Since the pictures are not wanted, retype the listing below exactly and without them.

☆ ☆ ☆ ☆ ☆

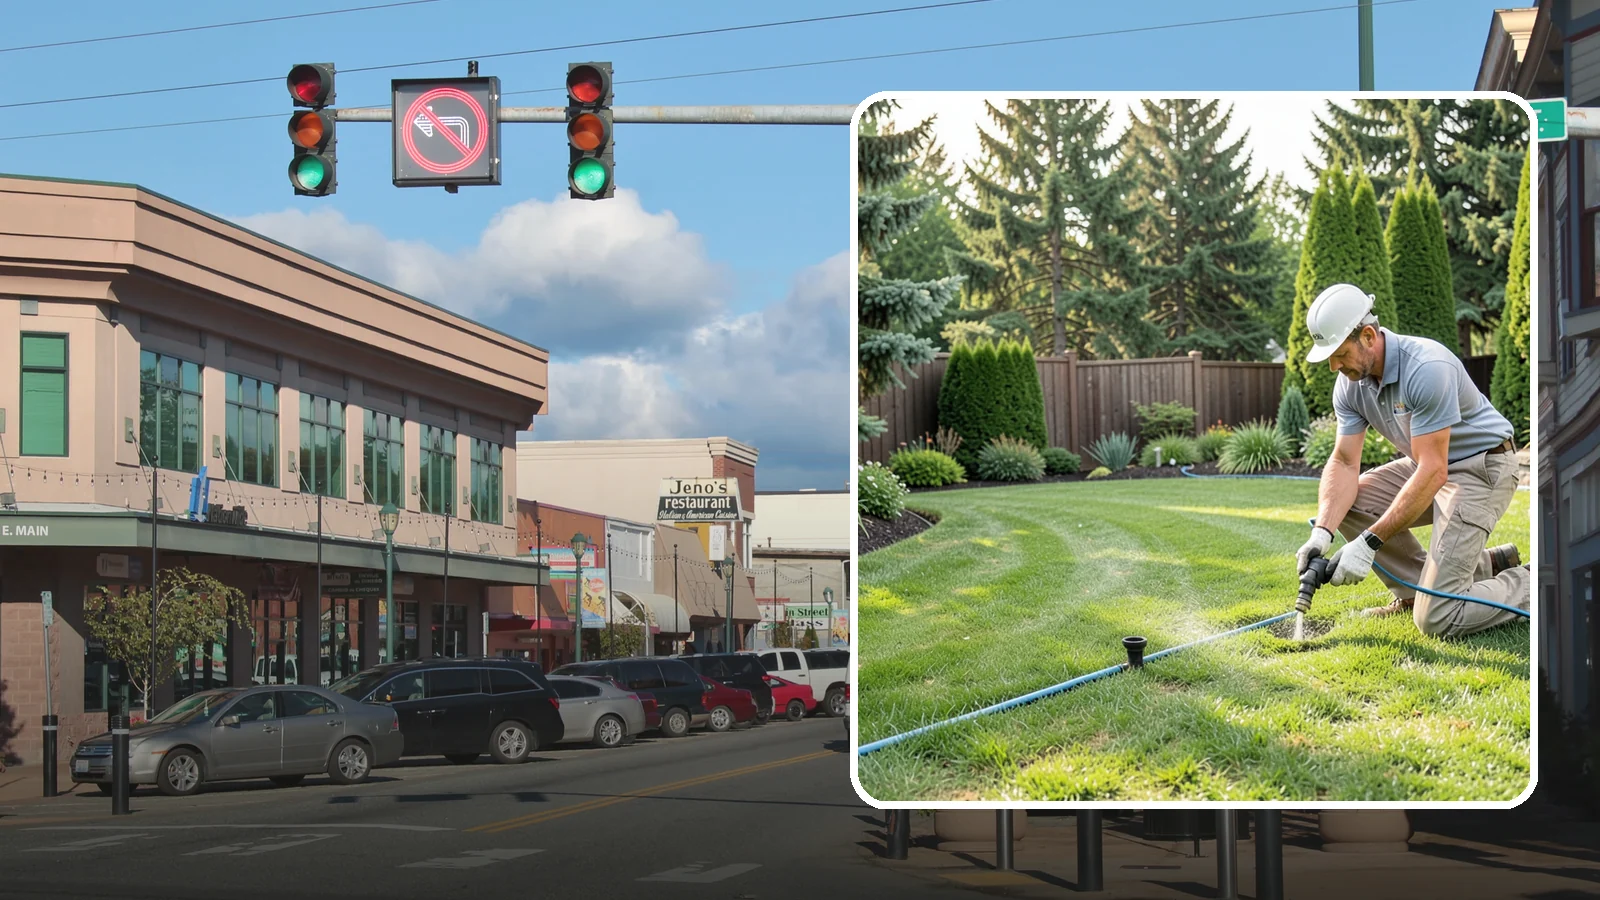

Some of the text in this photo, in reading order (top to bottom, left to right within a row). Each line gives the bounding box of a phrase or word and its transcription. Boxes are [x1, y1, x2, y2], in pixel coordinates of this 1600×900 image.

[670, 480, 728, 495] Jeno's
[665, 496, 731, 509] restaurant
[658, 510, 681, 520] Italian
[686, 510, 715, 520] American
[715, 509, 737, 520] Cuisine
[2, 525, 49, 537] E. MAIN
[797, 608, 829, 617] Street
[791, 619, 823, 627] lass

☆ ☆ ☆ ☆ ☆

### ANSWER SPACE
Some of the text in this photo, in reading order (top to bottom, left to right within a row). Each line gives the bounding box of a phrase or word and its transcription. Boxes are [x1, y1, x2, y2], in pixel coordinates of this 1600×900 image.

[670, 480, 728, 495] Jeno's
[665, 496, 731, 509] restaurant
[658, 510, 681, 520] Italian
[686, 510, 715, 520] American
[715, 509, 737, 520] Cuisine
[2, 525, 49, 537] E. MAIN
[797, 608, 829, 617] Street
[791, 619, 823, 627] lass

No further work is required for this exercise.